> _DIRECTIONS FOR THIS TASK_
Print out the full listing exactly as it reads.

> _AVAILABLE DATA_
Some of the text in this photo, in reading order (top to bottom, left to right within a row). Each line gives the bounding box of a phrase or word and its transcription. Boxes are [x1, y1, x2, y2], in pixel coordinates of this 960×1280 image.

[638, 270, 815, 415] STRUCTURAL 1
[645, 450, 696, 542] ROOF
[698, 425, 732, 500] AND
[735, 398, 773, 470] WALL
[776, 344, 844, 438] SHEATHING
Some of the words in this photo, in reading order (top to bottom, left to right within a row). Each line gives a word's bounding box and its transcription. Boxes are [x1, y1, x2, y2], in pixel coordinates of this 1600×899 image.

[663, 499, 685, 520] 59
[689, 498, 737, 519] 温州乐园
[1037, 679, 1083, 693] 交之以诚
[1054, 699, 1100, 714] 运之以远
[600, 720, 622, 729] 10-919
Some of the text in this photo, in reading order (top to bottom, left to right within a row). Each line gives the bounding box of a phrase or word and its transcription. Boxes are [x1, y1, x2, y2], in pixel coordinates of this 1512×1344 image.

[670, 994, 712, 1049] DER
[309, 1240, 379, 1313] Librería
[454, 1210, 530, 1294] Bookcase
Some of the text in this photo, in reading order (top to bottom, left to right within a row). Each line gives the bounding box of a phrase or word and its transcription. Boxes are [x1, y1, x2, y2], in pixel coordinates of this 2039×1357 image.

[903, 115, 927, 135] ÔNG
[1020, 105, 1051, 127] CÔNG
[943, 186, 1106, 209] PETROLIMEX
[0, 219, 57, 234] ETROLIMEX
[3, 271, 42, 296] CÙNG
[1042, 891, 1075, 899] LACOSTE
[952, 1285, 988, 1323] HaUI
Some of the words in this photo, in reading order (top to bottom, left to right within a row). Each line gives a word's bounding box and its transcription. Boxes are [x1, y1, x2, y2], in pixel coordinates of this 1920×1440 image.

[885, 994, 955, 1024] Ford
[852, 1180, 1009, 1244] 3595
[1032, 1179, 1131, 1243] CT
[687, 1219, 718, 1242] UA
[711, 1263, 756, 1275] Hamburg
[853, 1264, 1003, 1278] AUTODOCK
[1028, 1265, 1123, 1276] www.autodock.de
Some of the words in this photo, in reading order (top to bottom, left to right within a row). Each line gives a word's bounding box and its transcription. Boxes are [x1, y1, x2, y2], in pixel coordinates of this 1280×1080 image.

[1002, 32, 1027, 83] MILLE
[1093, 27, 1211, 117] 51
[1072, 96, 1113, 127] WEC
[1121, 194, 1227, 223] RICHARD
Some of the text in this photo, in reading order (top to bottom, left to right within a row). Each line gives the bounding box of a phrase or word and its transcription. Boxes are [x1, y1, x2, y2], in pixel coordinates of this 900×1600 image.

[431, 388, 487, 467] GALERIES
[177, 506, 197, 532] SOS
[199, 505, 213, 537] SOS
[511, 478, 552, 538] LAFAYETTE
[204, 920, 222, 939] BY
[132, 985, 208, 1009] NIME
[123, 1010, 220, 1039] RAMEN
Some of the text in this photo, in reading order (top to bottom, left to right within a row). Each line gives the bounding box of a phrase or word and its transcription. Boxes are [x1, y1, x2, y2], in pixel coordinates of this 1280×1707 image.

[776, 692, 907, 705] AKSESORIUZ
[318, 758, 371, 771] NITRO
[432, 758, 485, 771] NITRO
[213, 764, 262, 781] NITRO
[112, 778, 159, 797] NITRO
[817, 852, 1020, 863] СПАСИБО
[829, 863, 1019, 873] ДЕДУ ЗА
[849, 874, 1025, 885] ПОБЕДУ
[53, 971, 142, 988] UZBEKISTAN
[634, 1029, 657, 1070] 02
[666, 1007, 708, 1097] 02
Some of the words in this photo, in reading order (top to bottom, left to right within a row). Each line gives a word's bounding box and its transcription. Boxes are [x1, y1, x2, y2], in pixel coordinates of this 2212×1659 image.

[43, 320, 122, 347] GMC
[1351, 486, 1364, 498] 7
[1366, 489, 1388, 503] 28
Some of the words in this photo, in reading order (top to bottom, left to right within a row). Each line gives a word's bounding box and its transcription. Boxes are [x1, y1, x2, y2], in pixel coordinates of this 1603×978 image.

> _REPLY TO THE EXERCISE_
Some of the text in this photo, in reading order (top to bottom, left to right within a row). Each line gives the bounding box of a phrase or word and its transcription. Boxes are [x1, y1, x2, y2], in pixel coordinates of this 960×1280 image.

[638, 270, 815, 415] STRUCTURAL 1
[645, 450, 696, 542] ROOF
[698, 425, 732, 500] AND
[735, 398, 773, 470] WALL
[776, 344, 844, 438] SHEATHING
Some of the words in this photo, in reading order (top to bottom, left to right within a row). Each line gives a word's bounding box and its transcription. Boxes are [x1, y1, x2, y2], in pixel coordinates of this 1600×899 image.

[663, 499, 685, 520] 59
[689, 498, 737, 519] 温州乐园
[1037, 679, 1083, 693] 交之以诚
[1054, 699, 1100, 714] 运之以远
[600, 720, 622, 729] 10-919
Some of the text in this photo, in reading order (top to bottom, left to right within a row). Each line gives the bounding box of a phrase or word and its transcription. Boxes are [x1, y1, x2, y2], in pixel coordinates of this 1512×1344 image.

[670, 994, 712, 1049] DER
[309, 1240, 379, 1313] Librería
[454, 1210, 530, 1294] Bookcase
Some of the text in this photo, in reading order (top to bottom, left to right within a row). Each line gives the bounding box of a phrase or word and its transcription. Boxes are [x1, y1, x2, y2], in pixel coordinates of this 2039×1357 image.

[903, 115, 927, 135] ÔNG
[1020, 105, 1051, 127] CÔNG
[943, 186, 1106, 209] PETROLIMEX
[0, 219, 57, 234] ETROLIMEX
[3, 271, 42, 296] CÙNG
[1042, 891, 1075, 899] LACOSTE
[952, 1285, 988, 1323] HaUI
Some of the words in this photo, in reading order (top to bottom, left to right within a row). Each line gives a word's bounding box and its transcription. Boxes are [x1, y1, x2, y2], in pixel coordinates of this 1920×1440 image.

[885, 994, 955, 1024] Ford
[852, 1180, 1009, 1244] 3595
[1032, 1179, 1131, 1243] CT
[687, 1219, 718, 1242] UA
[711, 1263, 756, 1275] Hamburg
[853, 1264, 1003, 1278] AUTODOCK
[1028, 1265, 1123, 1276] www.autodock.de
Some of the words in this photo, in reading order (top to bottom, left to right within a row). Each line gives a word's bounding box and its transcription. Boxes are [x1, y1, x2, y2], in pixel coordinates of this 1280×1080 image.

[1002, 32, 1027, 83] MILLE
[1093, 27, 1211, 117] 51
[1072, 96, 1113, 127] WEC
[1121, 194, 1227, 223] RICHARD
Some of the text in this photo, in reading order (top to bottom, left to right within a row). Each line gives the bounding box of a phrase or word and its transcription. Boxes are [x1, y1, x2, y2], in pixel coordinates of this 900×1600 image.

[431, 388, 487, 467] GALERIES
[177, 506, 197, 532] SOS
[199, 505, 213, 537] SOS
[511, 478, 552, 538] LAFAYETTE
[204, 920, 222, 939] BY
[132, 985, 208, 1009] NIME
[123, 1010, 220, 1039] RAMEN
Some of the text in this photo, in reading order (top to bottom, left to right within a row). Each line gives the bounding box of a phrase or word and its transcription. Boxes are [x1, y1, x2, y2], in pixel coordinates of this 1280×1707 image.

[776, 692, 907, 705] AKSESORIUZ
[318, 758, 371, 771] NITRO
[432, 758, 485, 771] NITRO
[213, 764, 262, 781] NITRO
[112, 778, 159, 797] NITRO
[817, 852, 1020, 863] СПАСИБО
[829, 863, 1019, 873] ДЕДУ ЗА
[849, 874, 1025, 885] ПОБЕДУ
[53, 971, 142, 988] UZBEKISTAN
[634, 1029, 657, 1070] 02
[666, 1007, 708, 1097] 02
Some of the words in this photo, in reading order (top to bottom, left to right within a row). Each line gives a word's bounding box and its transcription. Boxes are [x1, y1, x2, y2], in pixel coordinates of this 2212×1659 image.

[43, 320, 122, 347] GMC
[1351, 486, 1364, 498] 7
[1366, 489, 1388, 503] 28
Some of the words in this photo, in reading order (top to bottom, left to right within a row). Each line gives a word's bounding box and its transcription. Boxes are [x1, y1, x2, y2], in pixel coordinates of this 1603×978 image.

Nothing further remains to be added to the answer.